→ **TASK ITEM**
Your task is to copy the records that follow exactly, minus any images.

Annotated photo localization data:
====
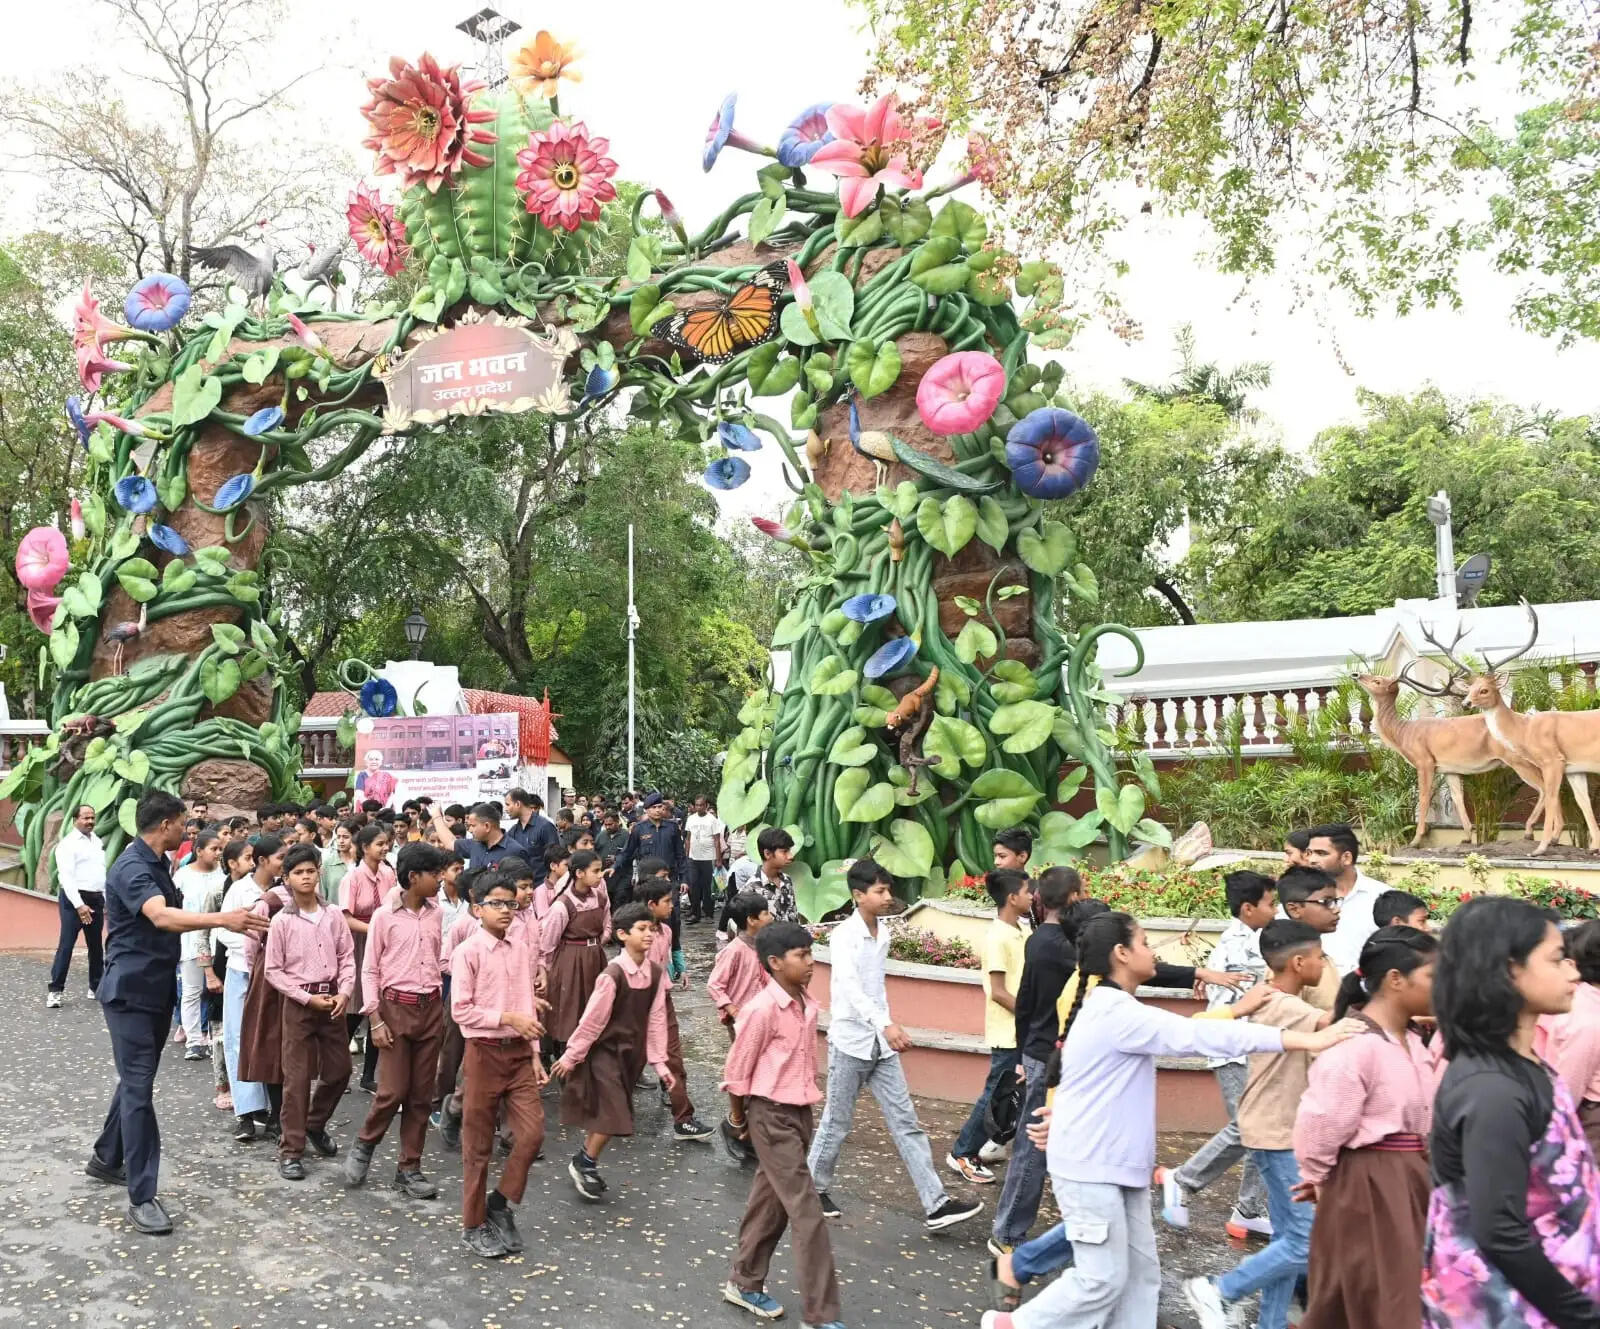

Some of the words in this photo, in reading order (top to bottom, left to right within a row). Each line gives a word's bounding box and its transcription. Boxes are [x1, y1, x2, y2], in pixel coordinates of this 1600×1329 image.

[417, 360, 464, 384] जन
[468, 352, 528, 377] भवन
[432, 386, 473, 401] उत्तर
[475, 380, 513, 396] प्रदेश
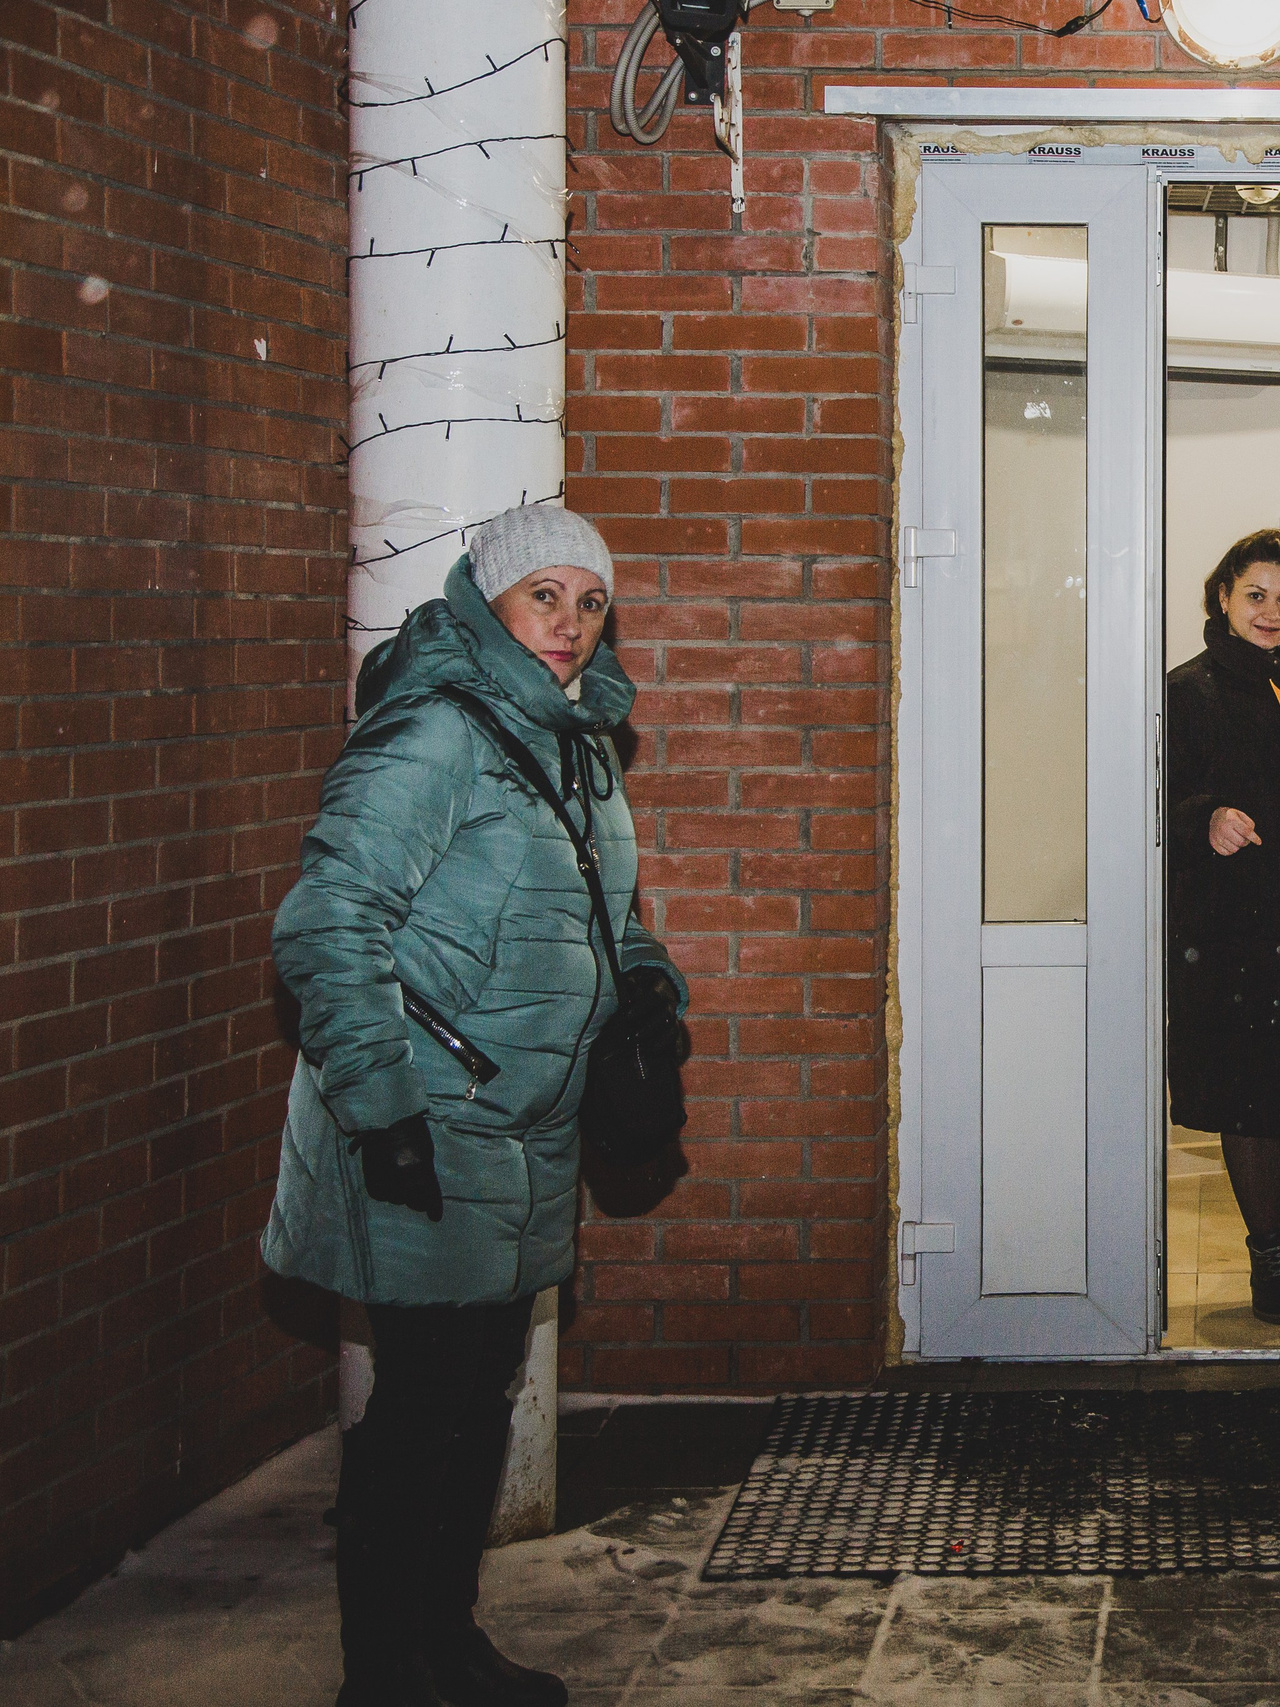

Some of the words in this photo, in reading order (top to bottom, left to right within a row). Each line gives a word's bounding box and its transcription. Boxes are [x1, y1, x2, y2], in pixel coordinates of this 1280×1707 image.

[919, 145, 965, 153] RAUS
[1028, 146, 1082, 155] KRAUSS
[1141, 148, 1195, 156] KRAUSS
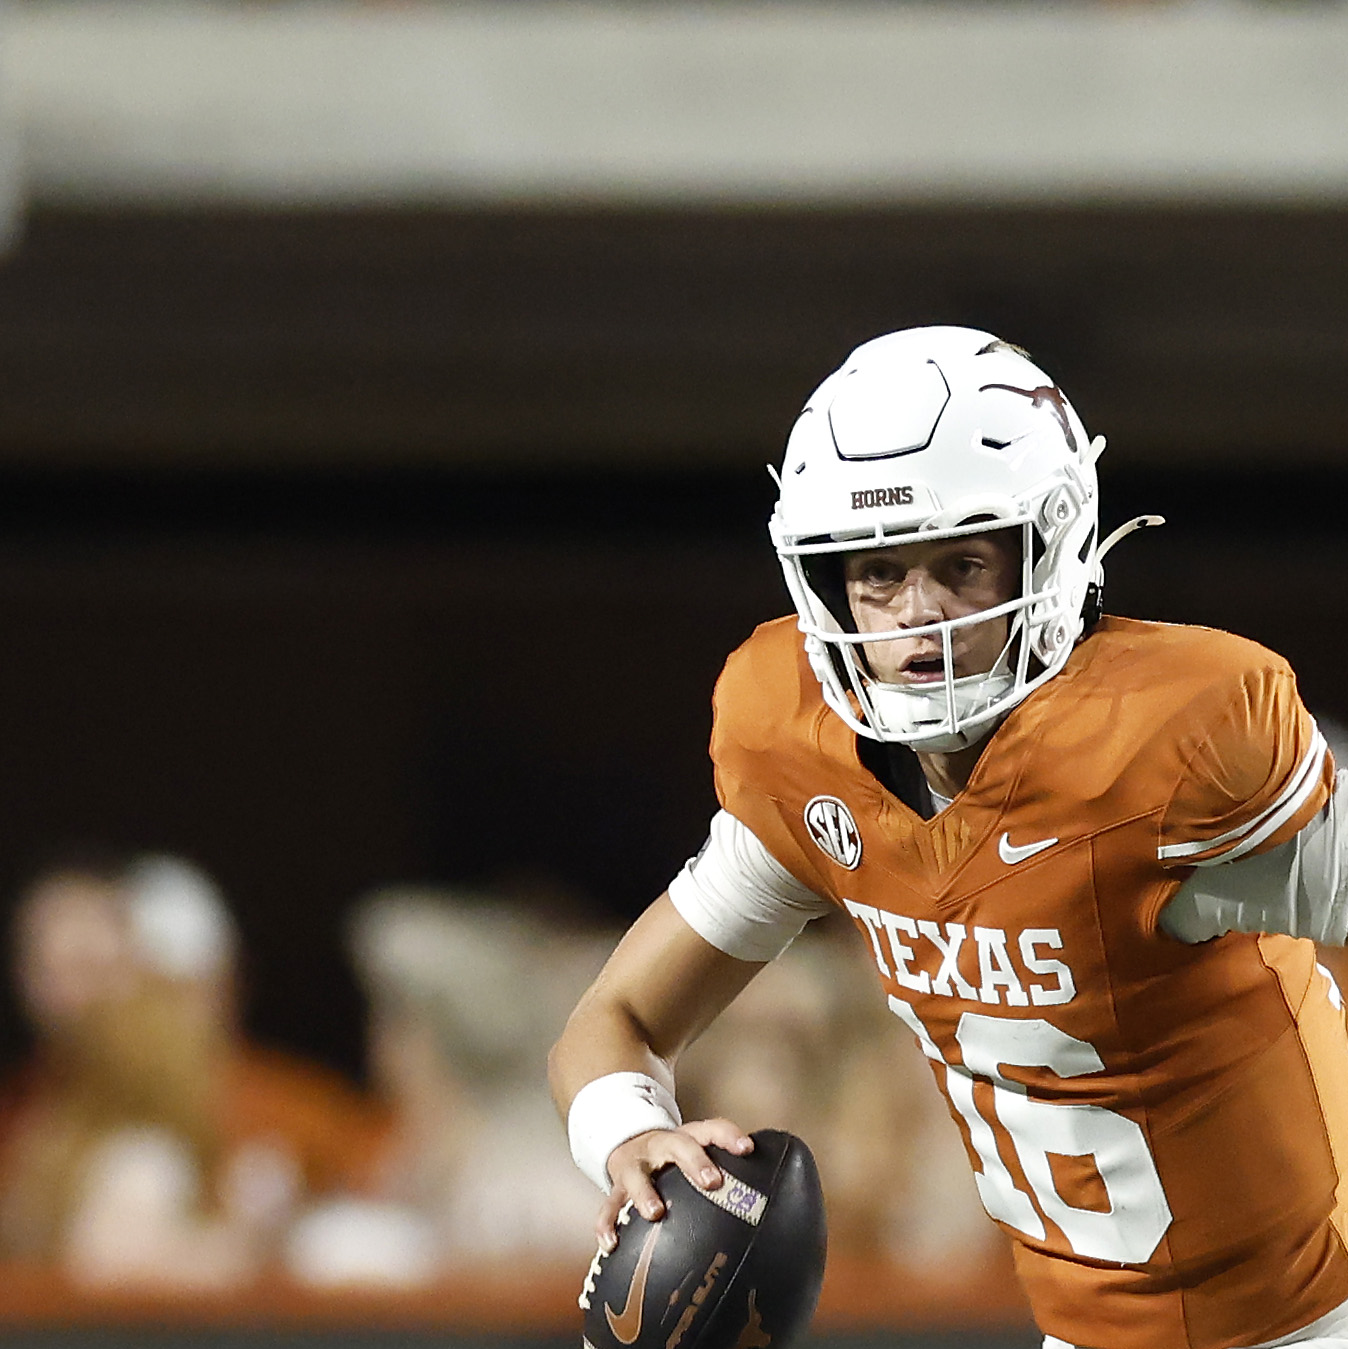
====
→ **COMPLETED TASK**
Some of the words in this photo, in reading order (top to bottom, left to right within a row). Each line gives a word's bounding box and its transcription. Boxes are [x1, y1, x2, y2], in pixel coordinates of this 1600×1329 image.

[417, 360, 464, 384] जन
[468, 352, 528, 377] भवन
[432, 386, 473, 401] उत्तर
[475, 380, 513, 396] प्रदेश

Some of the words in this photo, in reading order (top to bottom, left to right within a row). Each line gives a word's bounding box and its transcription. Boxes are [x1, y1, x2, y2], in pixel coordinates of this 1280×1707 image.

[919, 145, 965, 153] RAUS
[1028, 146, 1082, 155] KRAUSS
[1141, 148, 1195, 156] KRAUSS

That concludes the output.